- _What the exercise asks_: Omit any picture, and return the remaining data exactly as written.

- _Recorded data_:
--- START ---

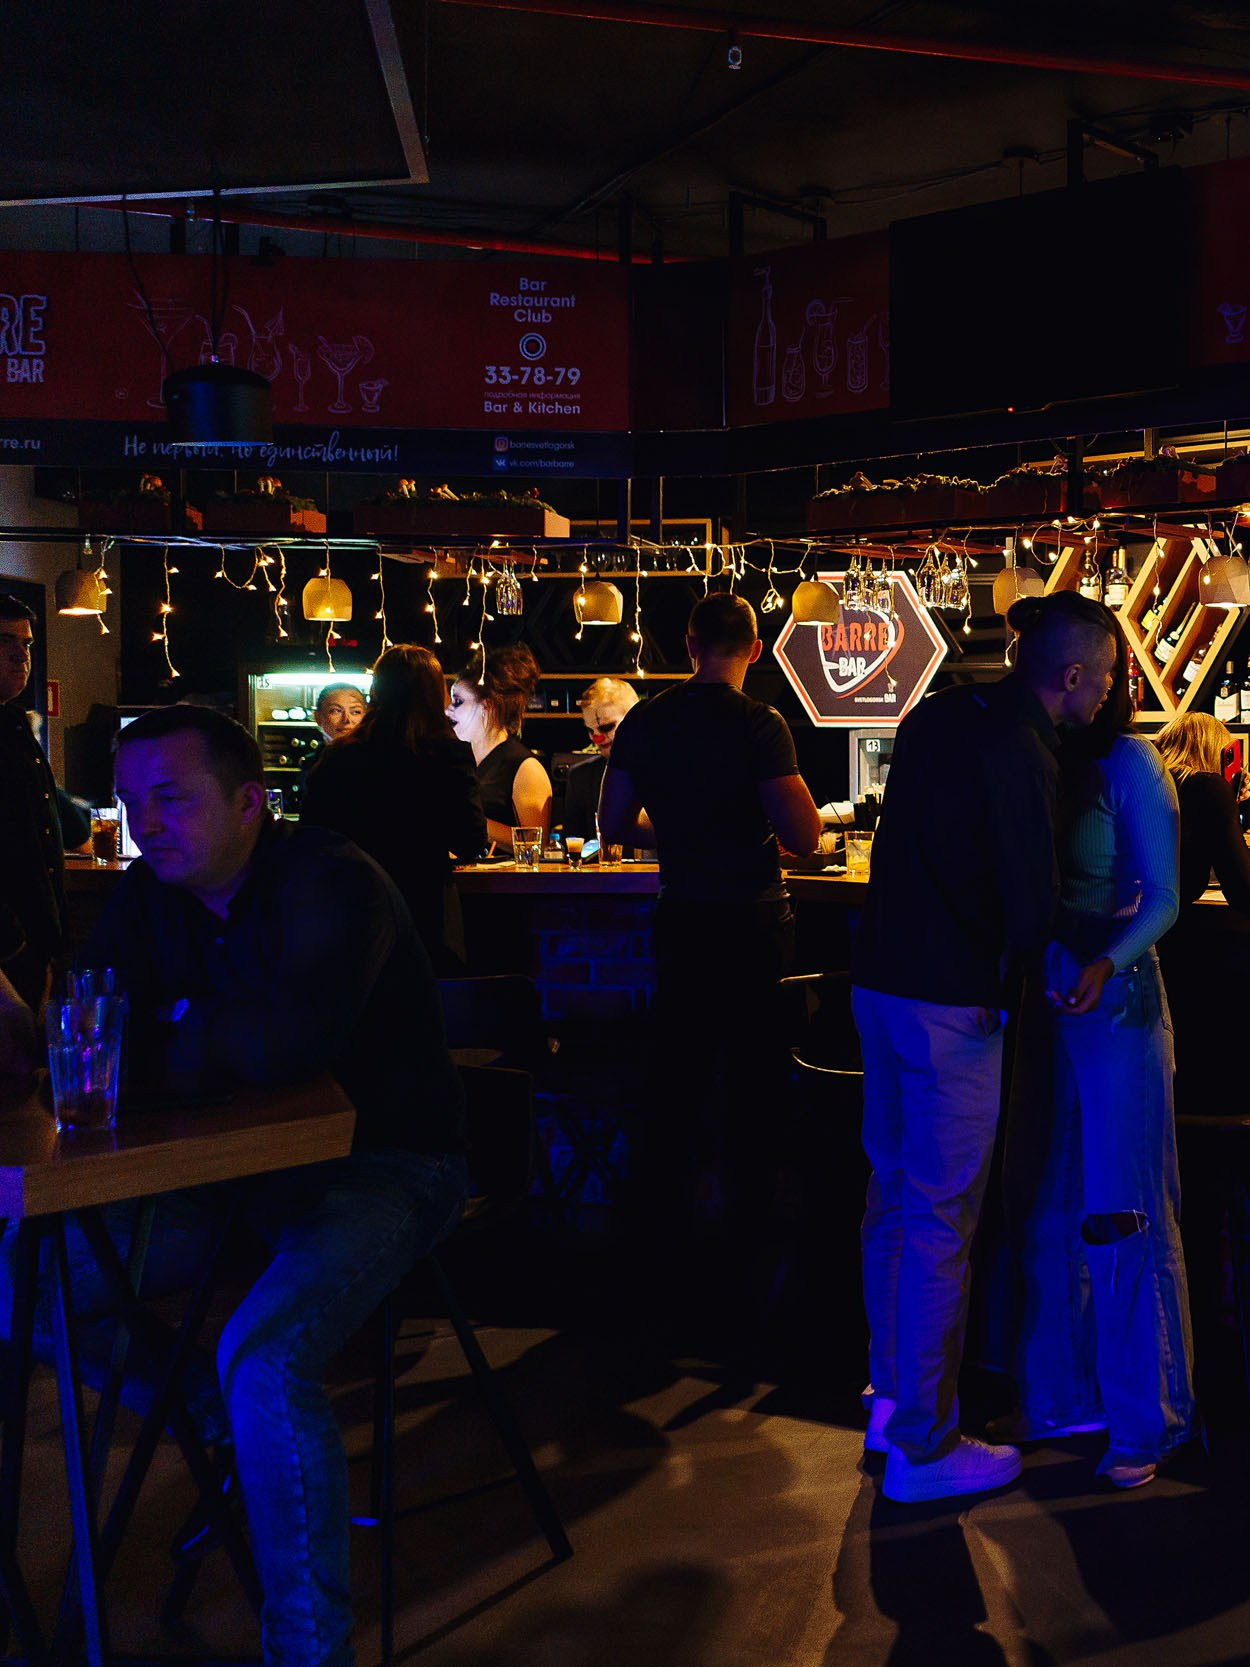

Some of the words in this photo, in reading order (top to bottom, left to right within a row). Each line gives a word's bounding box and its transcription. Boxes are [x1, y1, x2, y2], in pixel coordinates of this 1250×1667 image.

[519, 277, 547, 291] Bar
[489, 291, 576, 308] Restaurant
[513, 308, 552, 323] Club
[6, 358, 46, 383] BAR
[484, 365, 581, 386] 33-78-79
[483, 400, 508, 413] Bar
[513, 401, 523, 413] &
[528, 401, 581, 415] Kitchen
[123, 434, 147, 457] Не
[259, 430, 399, 467] единственный!
[821, 622, 889, 652] BARRE
[838, 656, 867, 677] BAR
[868, 740, 880, 752] 13

--- END ---

- _Solved exercise_:
Some of the words in this photo, in reading order (top to bottom, left to right within a row). Each line gives a word's bounding box and its transcription. Boxes are [x1, y1, x2, y2], in pixel coordinates of this 1250×1667 image.

[519, 277, 547, 291] Bar
[489, 291, 576, 308] Restaurant
[513, 308, 552, 323] Club
[6, 358, 46, 383] BAR
[484, 365, 581, 386] 33-78-79
[483, 400, 508, 413] Bar
[513, 401, 523, 413] &
[528, 401, 581, 415] Kitchen
[123, 434, 147, 457] Не
[259, 430, 399, 467] единственный!
[821, 622, 889, 652] BARRE
[838, 656, 867, 677] BAR
[868, 740, 880, 752] 13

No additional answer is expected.